Conspicuous in their badges
and yellow belts, student "safety patrol" members help
direct traffic. And class lines that snake the halls even
have orderly routines.
Sometimes, the school leans
on others for help. Typically on Fridays, students and
volunteer mentors from Anheuser-Busch pair up in the halls,
part of the school's long-running partnership with the
company.
Newark native Michael
Scott's charge is first-grader Rasheed Adams. The two often
read together, and talk about what's happening in class or
at home. "Rasheed looks forward to it every Friday," said
Paula Adams, Rasheed's mother.
But Eighteenth Avenue has
its share of trouble, especially with the rise in its
special education population to now more than a third of the
student body.
During the course of the
year, two special education teachers were reassigned after
allegations they physically mishandled students. One teacher
was cleared; the other's case is pending, but it has fueled
a tension in the school.
Lesperance deals with some
of the toughest kids, all with emotional disorders. When
they shut down, she has "Cool Off Corner" outside her door,
including a couch, a "Time Out Tunnel" and a large plastic
jar labeled the "Anger Bottle," half full of scrap-paper
confessions. "I was angry because my sister was getting on
my nerves," reads one.
When removing students from
class doesn't work, sometimes Lesperance lets them remain
and the rest of the class leaves. At worst, the teacher or a
security guard must restrain a child.
One boy threw a chair
toward a visitor this winter. Some will kick and yell, and
Lesperance has the marks to show for it. "When you get to
physical restraint, it's the last resort," Lesperance
said.
More typical is the
teacher's daily balancing act between encouraging those
students who want to learn and working with the less
inclined.
The strategies vary.
Nordica Francis taught 20 years in New York City before
coming to Newark four years ago, and she runs a tight
classroom.
Like other teachers, she
jots names of repeat offenders on the blackboard. She moves
the desk of one student who can't stop jostling with her
neighbor, and speaks to another boy in the hall who isn't
doing any work at all.
"It can be draining," she
said. "By 3 o'clock, I want to sleep."
Sixth-grade teacher Sheila
Pugh, the mother of four children herself, walks amid the
desks during a recent lesson on the Holocaust. She mixed
facts with admonitions to focus. She grew up in Newark, and
said a big part of her job is building up kids to fend off
the worst of their neighborhoods.
Eighteenth Avenue's
sixth-graders are a well-mannered group, and their test
scores are a high point in the school's progress. Many say
that's no coincidence.
"I treat them like my own
kids, and tell them we can deal with problems here or deal
with them in Ms. Ervin's office," Pugh said. "They know I'm
not playing.
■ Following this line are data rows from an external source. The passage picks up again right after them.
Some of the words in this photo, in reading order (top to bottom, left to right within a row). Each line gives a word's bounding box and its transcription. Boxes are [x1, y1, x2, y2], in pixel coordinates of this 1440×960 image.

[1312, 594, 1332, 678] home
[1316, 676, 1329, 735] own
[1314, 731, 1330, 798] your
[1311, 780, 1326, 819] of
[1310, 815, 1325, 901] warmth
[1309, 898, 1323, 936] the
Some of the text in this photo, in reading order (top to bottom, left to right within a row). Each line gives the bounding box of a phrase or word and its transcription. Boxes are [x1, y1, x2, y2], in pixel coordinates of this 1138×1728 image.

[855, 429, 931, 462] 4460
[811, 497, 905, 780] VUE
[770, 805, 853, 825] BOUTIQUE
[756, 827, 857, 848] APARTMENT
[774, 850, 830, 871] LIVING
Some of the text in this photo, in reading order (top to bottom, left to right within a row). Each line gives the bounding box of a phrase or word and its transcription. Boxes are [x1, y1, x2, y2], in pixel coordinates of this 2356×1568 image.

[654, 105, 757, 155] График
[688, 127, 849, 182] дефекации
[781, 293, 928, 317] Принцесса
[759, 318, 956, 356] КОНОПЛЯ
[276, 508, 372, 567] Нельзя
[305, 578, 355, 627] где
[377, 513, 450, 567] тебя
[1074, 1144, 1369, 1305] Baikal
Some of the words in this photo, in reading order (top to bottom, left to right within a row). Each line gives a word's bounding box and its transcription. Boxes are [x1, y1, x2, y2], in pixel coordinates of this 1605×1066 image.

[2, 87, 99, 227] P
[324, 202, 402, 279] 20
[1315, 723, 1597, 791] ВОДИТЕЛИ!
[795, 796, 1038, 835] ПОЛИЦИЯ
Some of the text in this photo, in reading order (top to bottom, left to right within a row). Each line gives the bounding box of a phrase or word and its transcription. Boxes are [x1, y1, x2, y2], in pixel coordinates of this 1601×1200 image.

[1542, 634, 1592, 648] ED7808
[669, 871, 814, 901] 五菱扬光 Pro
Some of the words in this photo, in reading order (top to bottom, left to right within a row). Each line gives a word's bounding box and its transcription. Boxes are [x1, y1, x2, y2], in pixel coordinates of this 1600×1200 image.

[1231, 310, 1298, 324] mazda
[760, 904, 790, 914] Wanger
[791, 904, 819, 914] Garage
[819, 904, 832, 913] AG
They're good kids."
Most young visitors to
Ervin's office seem to come from the same group of nine or
10 students, some making more than one trip a
day.
And each case challenges
Ervin: where to draw the line, when to call home, when to
suspend, when to point back to a teacher's own classroom
skills.
Ervin estimated she
suspends one or two of the students a month, holding to
district limits that no child be suspended more than twice
in the same year or for more than 10 days total. She hears
the whispers from teachers who wish she was tougher
sometimes.
"I know some say I don't
suspend enough, but I'm not going to do it for every little
thing," she said.
Beyond Ervin, vice
principal Derrick Davis is the chief disciplinarian. His
long hair falling on his shoulders, Davis moves between
classrooms, often a child in tow. On a recent day, there
were two.
"Instead of sending them
back to class and have them act out again, what's it take
for me to stay with them? Fifteen minutes?" he
said.
But in his first year on
the job, Davis said it's been a powerful lesson in school
administration.
"If as an administrator,
you think you'll sit behind a desk and get something done,
it's not going to happen," he said. "Not in my
world."
John Mooney covers education. He may be reached at
jmooney@starledger.com or (973) 392-1548.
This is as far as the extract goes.